Chinese Hackers Spread Fake Chinese-Hacker Report
Chinese airmen during a full-military-honors arrivals ceremony at the ministry of defense in Beijing in July 2000.
CREDIT: Linda D. Kozaryn/U.S. Department of Defense
Whenever there's a good news story, an online criminal is bound to try to exploit it.
So it is with Mandiant's bombshell report Tuesday (Feb. 19), which drew a clear line between attacks on Western companies and the Chinese military, and made the front page of The New York Times.
Two different fake versions of the Mandiant report were spotted today, each of which tries to infect the reader with malware. One has links to previous attacks on Tibetan dissidents, presumably carried out by Chinese state-sponsored hackers.
Symantec's Joji Hamada reported that an email showed up bearing a PDF attachment purporting to be a Japanese-language version of the report.

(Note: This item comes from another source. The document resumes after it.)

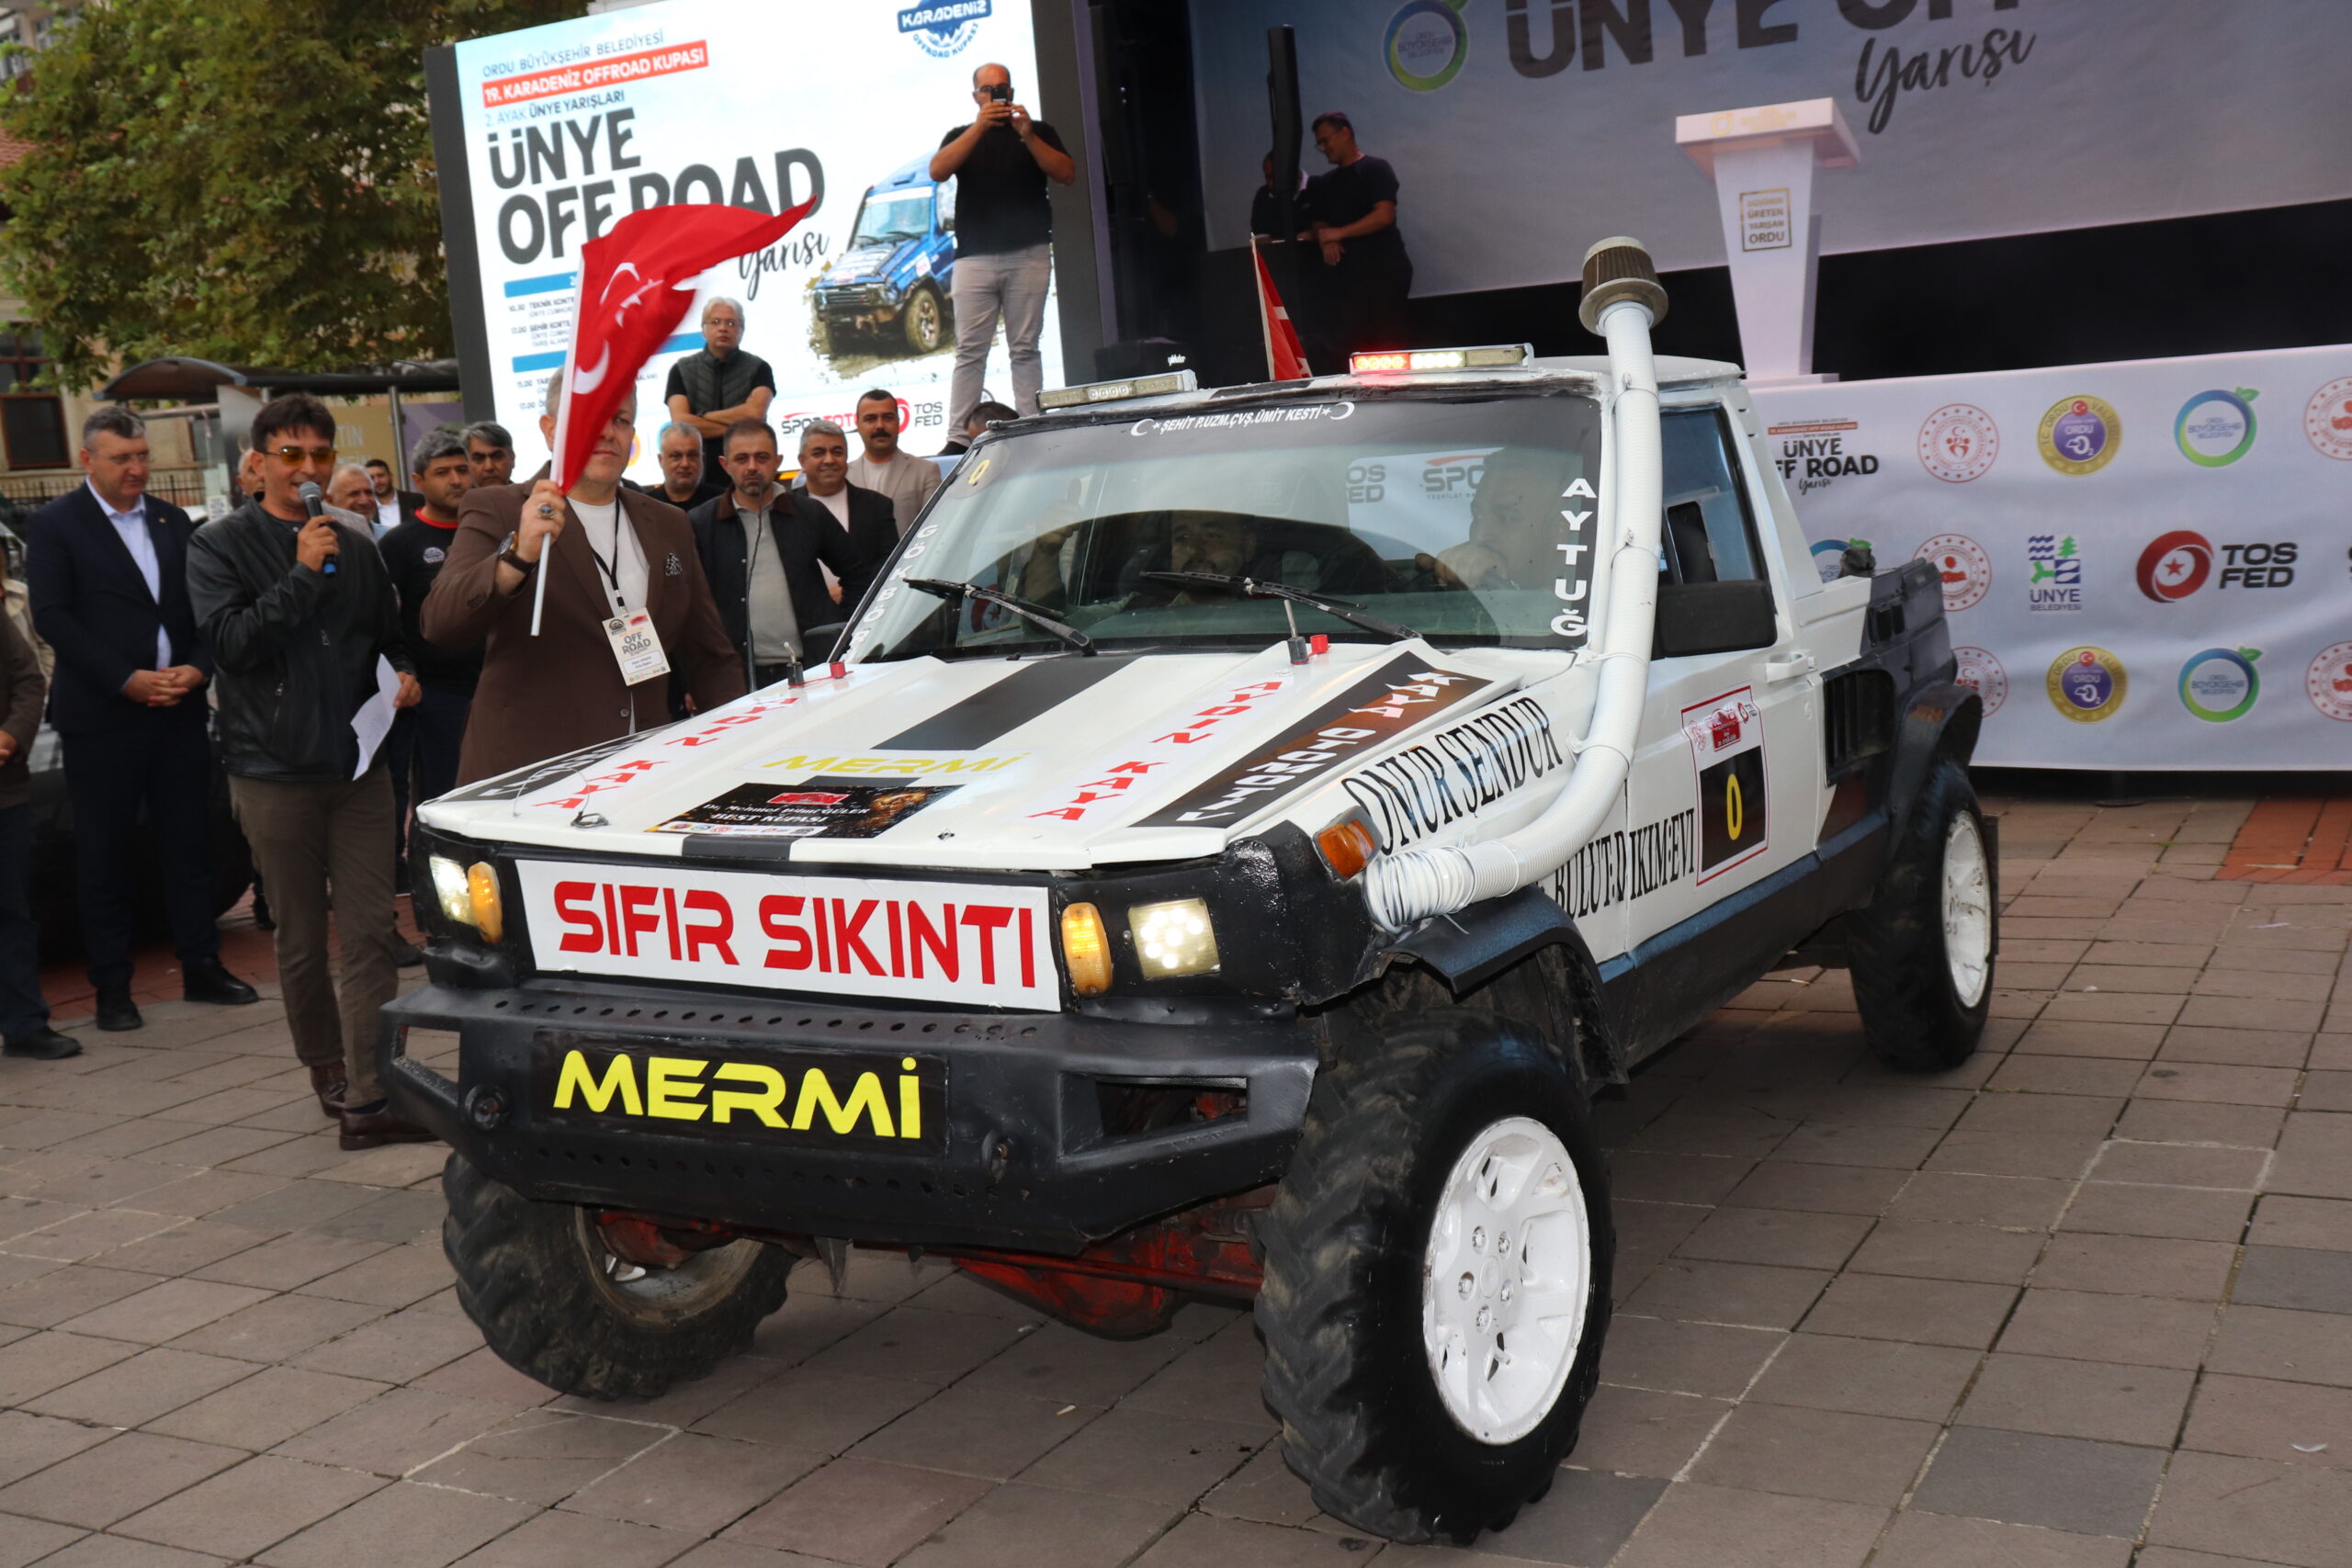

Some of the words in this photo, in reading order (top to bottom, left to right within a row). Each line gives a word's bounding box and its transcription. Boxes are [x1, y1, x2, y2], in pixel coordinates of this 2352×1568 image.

"Like in many targeted attacks, the email is sent from a free email account and the content of the email uses subpar language," Hamada wrote. "It is obvious to a typical Japanese person reading the email that it was not written by a native speaker."
When opened, the PDF triggers a sophisticated Adobe Reader exploit discovered last week and patched by Adobe yesterday. That exploit opens up the door to all sorts of malware infections, but, surprisingly, nothing is installed.
"Could the Comment Crew [the Chinese group singled out in Mandiant's report] be playing a prank in response to the publication or did someone just make another careless mistake in performing the attack as is the case for so many of these targeted attacks?" Hamada wondered. "The truth is we don't know."
Shortly after Hamada posted Symantec's findings, 9b+ security researcher Brandon Dixon said he'd found a different fake Mandiant report, this one in English and apparently coming from India.
Dixon's fake PDF exploited an older flaw in Adobe Reader, dating from 2011, and installed malware that tried to connect to a server previously used in attacks on Tibetan dissidents.
The real Mandiant report was less noteworthy for what it said — it's not news that Chinese hackers have been attacking Western targets — than for how it said it.
Mandiant researchers traced one of the most notorious Chinese hacking crews, the Comment Group or Comment Crew, to a nondescript building on the outskirts of Shanghai staffed by a special unit of China's People's Liberation Army.
Mandiant didn't make an airtight case, but it built up a solid mass of evidence and pretty well ruled out most other possibilities. That's about as good as it gets when hackers can hide behind proxy servers and hijacked websites.
The Chinese government strenuously denies the allegations.